-------- Dataset entries --------

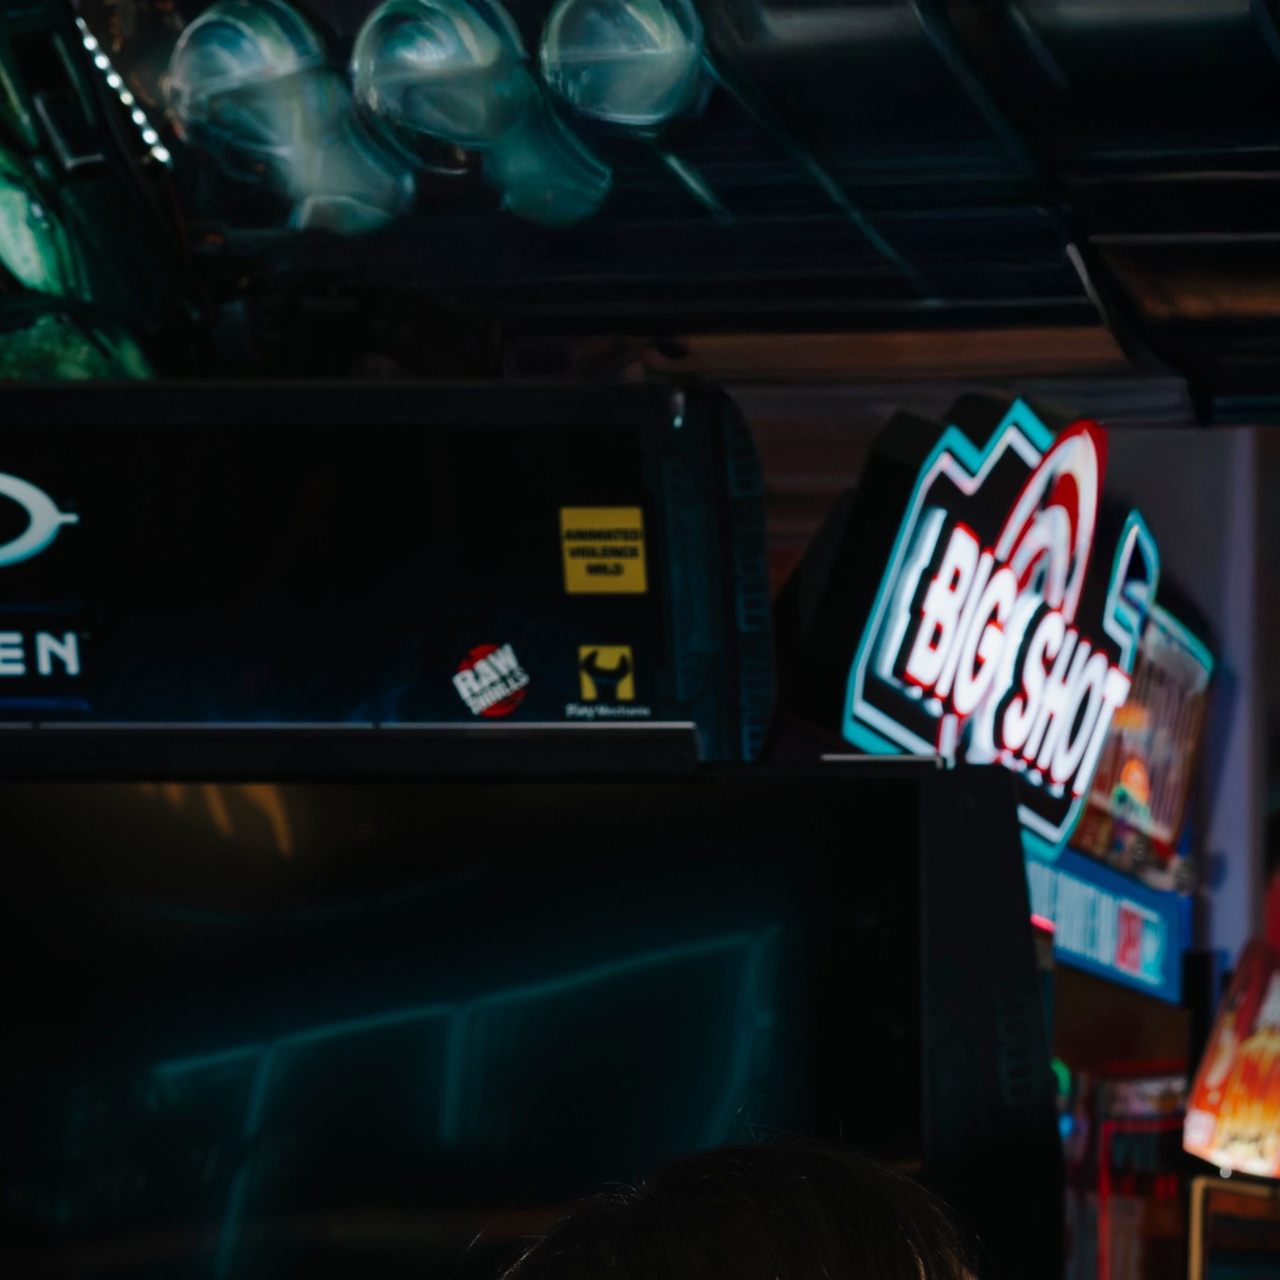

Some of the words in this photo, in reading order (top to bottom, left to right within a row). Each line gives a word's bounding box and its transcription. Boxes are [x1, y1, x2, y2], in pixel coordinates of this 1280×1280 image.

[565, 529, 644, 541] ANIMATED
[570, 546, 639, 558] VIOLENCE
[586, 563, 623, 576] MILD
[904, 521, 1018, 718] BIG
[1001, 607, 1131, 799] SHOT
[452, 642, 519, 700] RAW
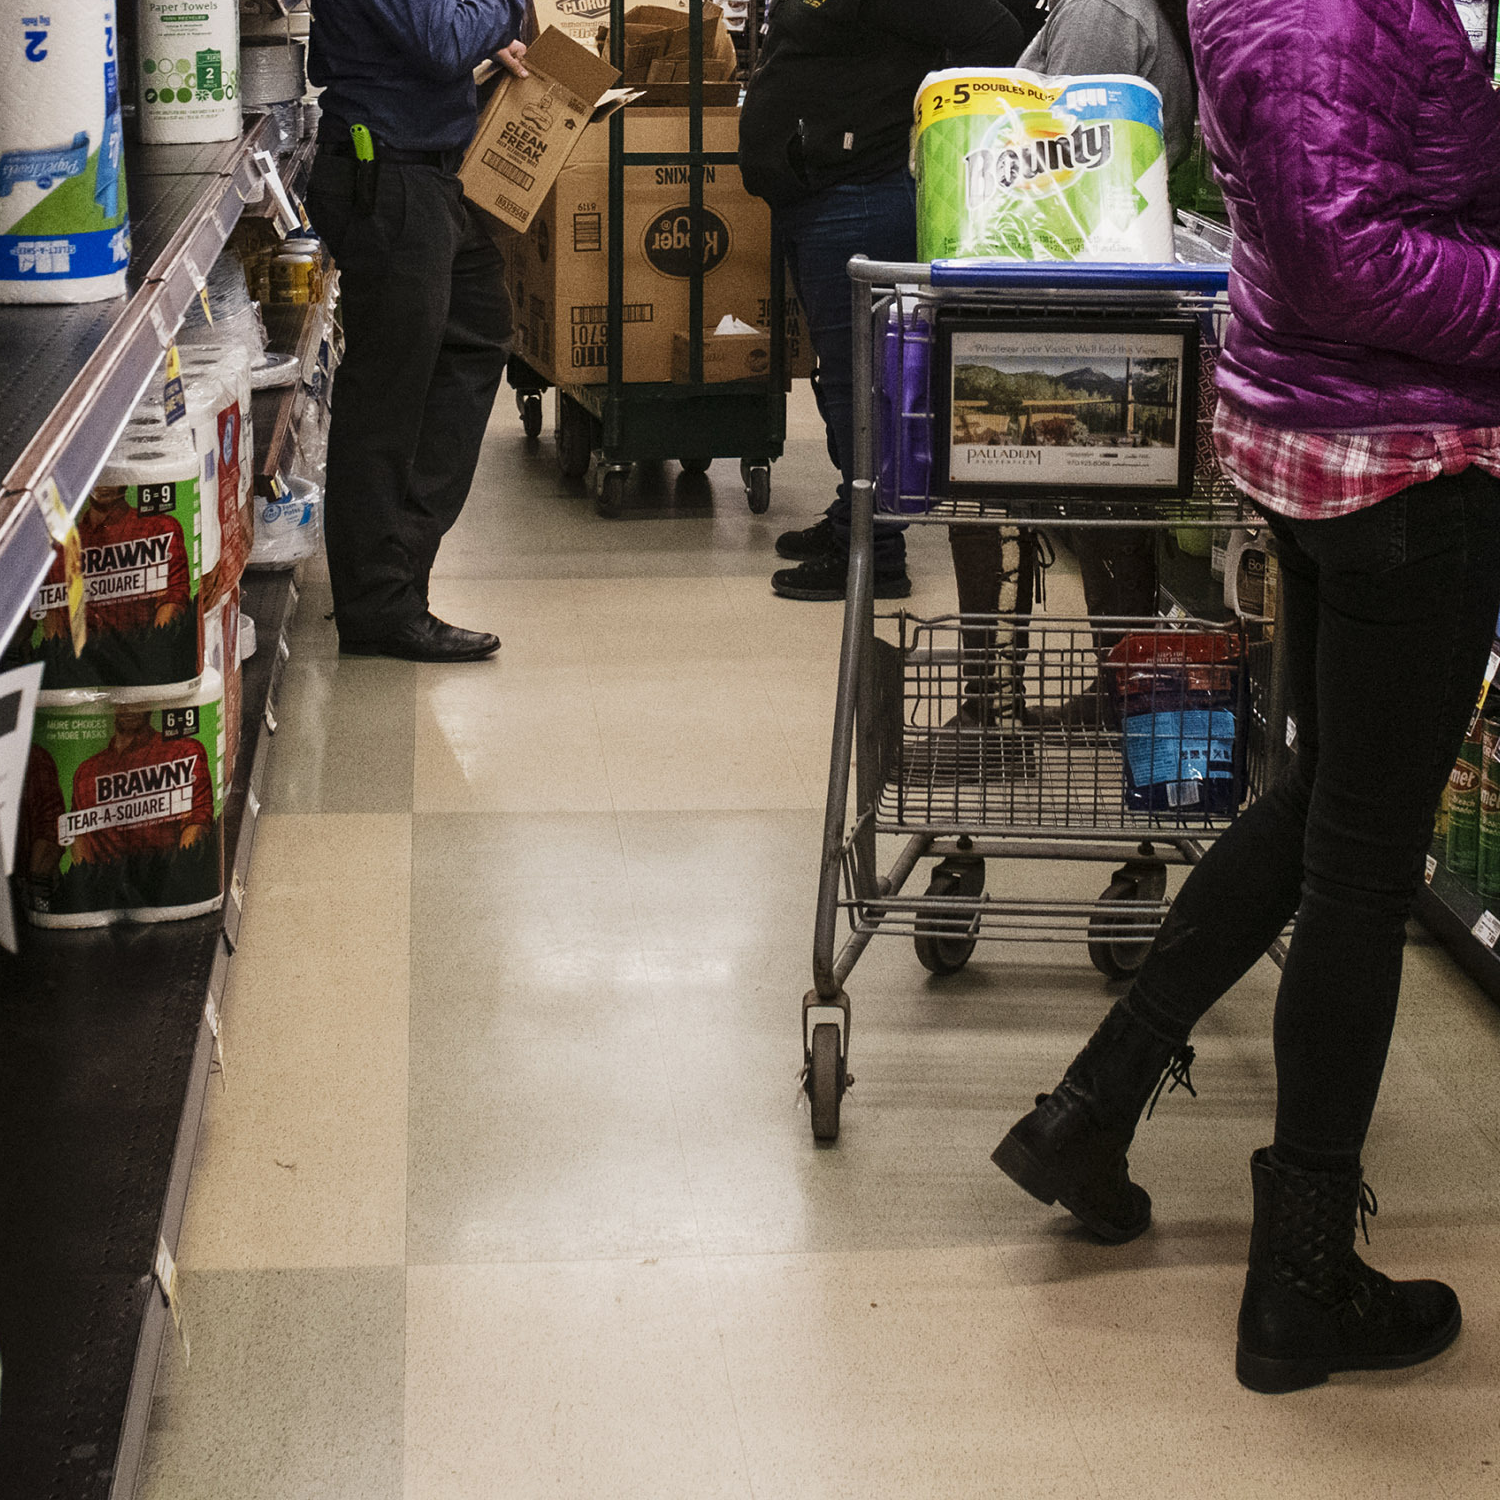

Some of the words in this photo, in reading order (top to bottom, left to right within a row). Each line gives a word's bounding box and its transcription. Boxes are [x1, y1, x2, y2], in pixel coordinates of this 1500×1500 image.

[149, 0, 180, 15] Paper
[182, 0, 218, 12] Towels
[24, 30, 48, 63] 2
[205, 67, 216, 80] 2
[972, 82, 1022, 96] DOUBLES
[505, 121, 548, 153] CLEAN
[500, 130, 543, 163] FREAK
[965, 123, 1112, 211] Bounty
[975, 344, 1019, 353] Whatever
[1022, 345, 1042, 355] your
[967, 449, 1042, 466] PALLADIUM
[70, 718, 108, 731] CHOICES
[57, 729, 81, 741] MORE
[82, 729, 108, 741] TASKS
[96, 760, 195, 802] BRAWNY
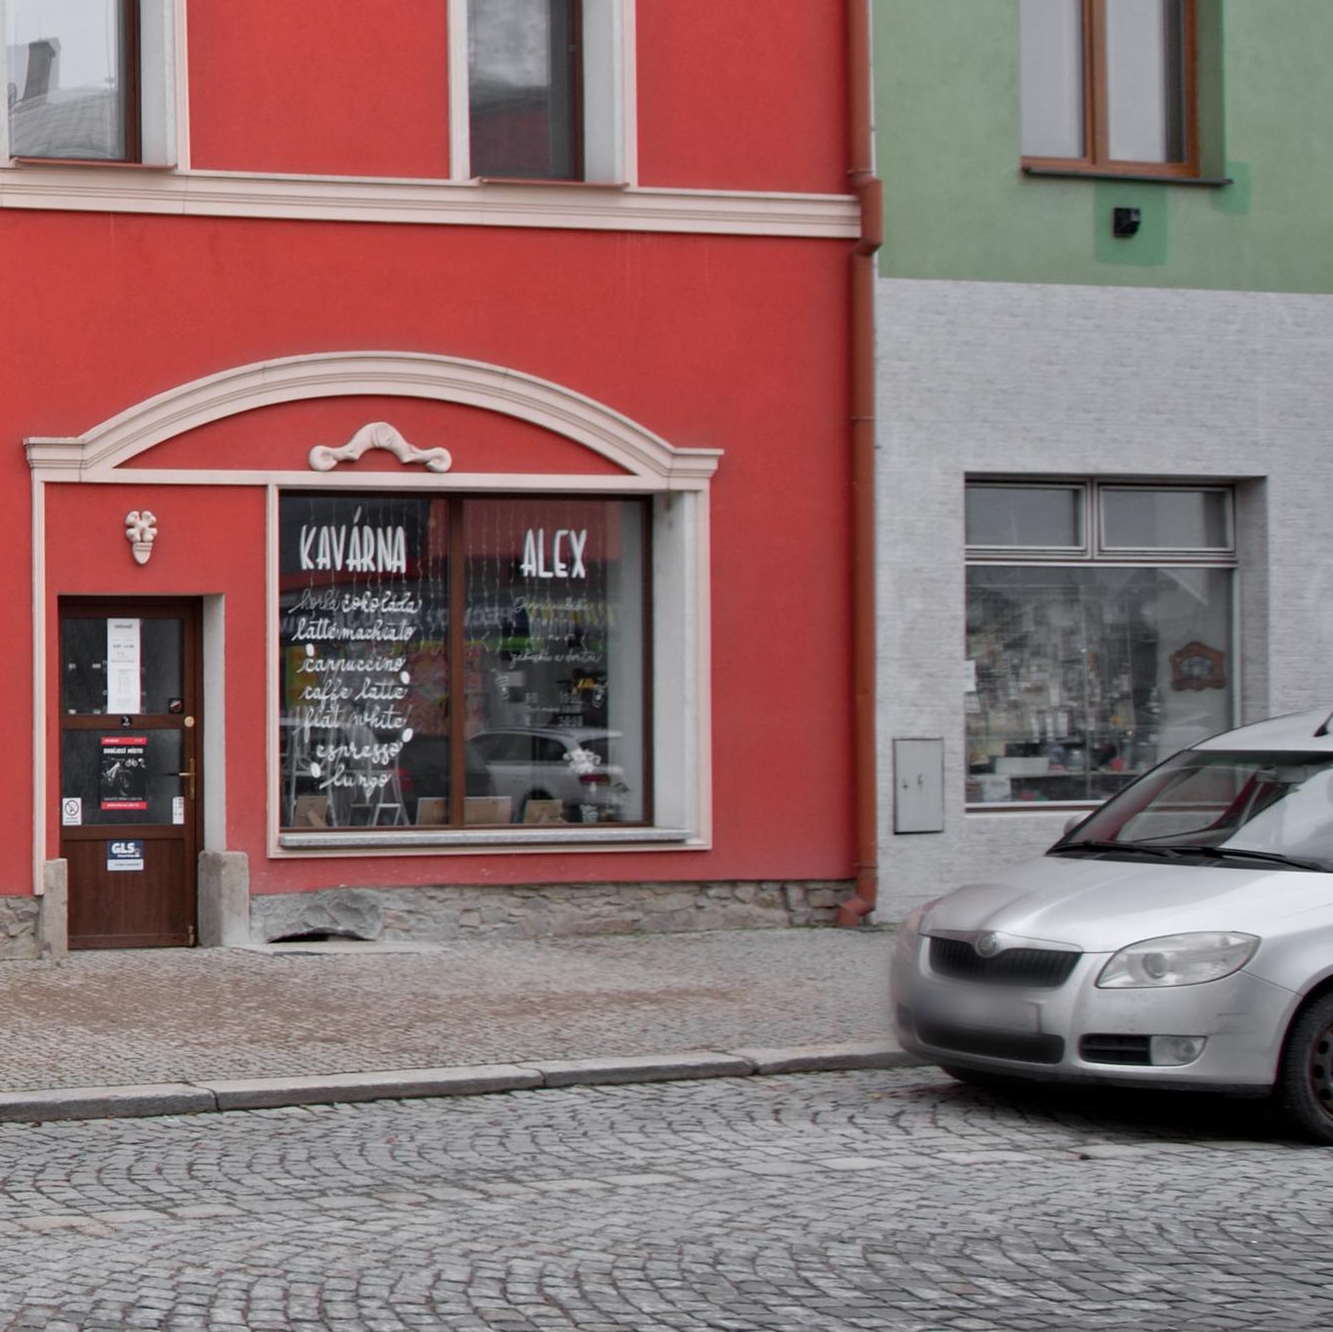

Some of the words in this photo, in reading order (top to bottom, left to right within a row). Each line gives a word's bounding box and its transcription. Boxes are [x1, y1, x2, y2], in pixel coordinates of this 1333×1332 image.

--------

• [Brief] Without the pictures, retype each line of the records above exactly.

• [Answer to the exercise]
Some of the words in this photo, in reading order (top to bottom, left to right within a row). Each line gives a word's bounding box and its transcription. Boxes are [x1, y1, x2, y2], in pixel coordinates of this 1280×1280 image.

[565, 529, 644, 541] ANIMATED
[570, 546, 639, 558] VIOLENCE
[586, 563, 623, 576] MILD
[904, 521, 1018, 718] BIG
[1001, 607, 1131, 799] SHOT
[452, 642, 519, 700] RAW

Some of the words in this photo, in reading order (top to bottom, left to right within a row). Each line gives a word's bounding box and its transcription. Boxes are [x1, y1, x2, y2], in pixel coordinates of this 1500×1500 image.

[149, 0, 180, 15] Paper
[182, 0, 218, 12] Towels
[24, 30, 48, 63] 2
[205, 67, 216, 80] 2
[972, 82, 1022, 96] DOUBLES
[505, 121, 548, 153] CLEAN
[500, 130, 543, 163] FREAK
[965, 123, 1112, 211] Bounty
[975, 344, 1019, 353] Whatever
[1022, 345, 1042, 355] your
[967, 449, 1042, 466] PALLADIUM
[70, 718, 108, 731] CHOICES
[57, 729, 81, 741] MORE
[82, 729, 108, 741] TASKS
[96, 760, 195, 802] BRAWNY

Some of the words in this photo, in reading order (top to bottom, left to right within a row). Each line gives a word's bounding box and its transcription. Boxes are [x1, y1, x2, y2], in pixel coordinates of this 1333×1332 image.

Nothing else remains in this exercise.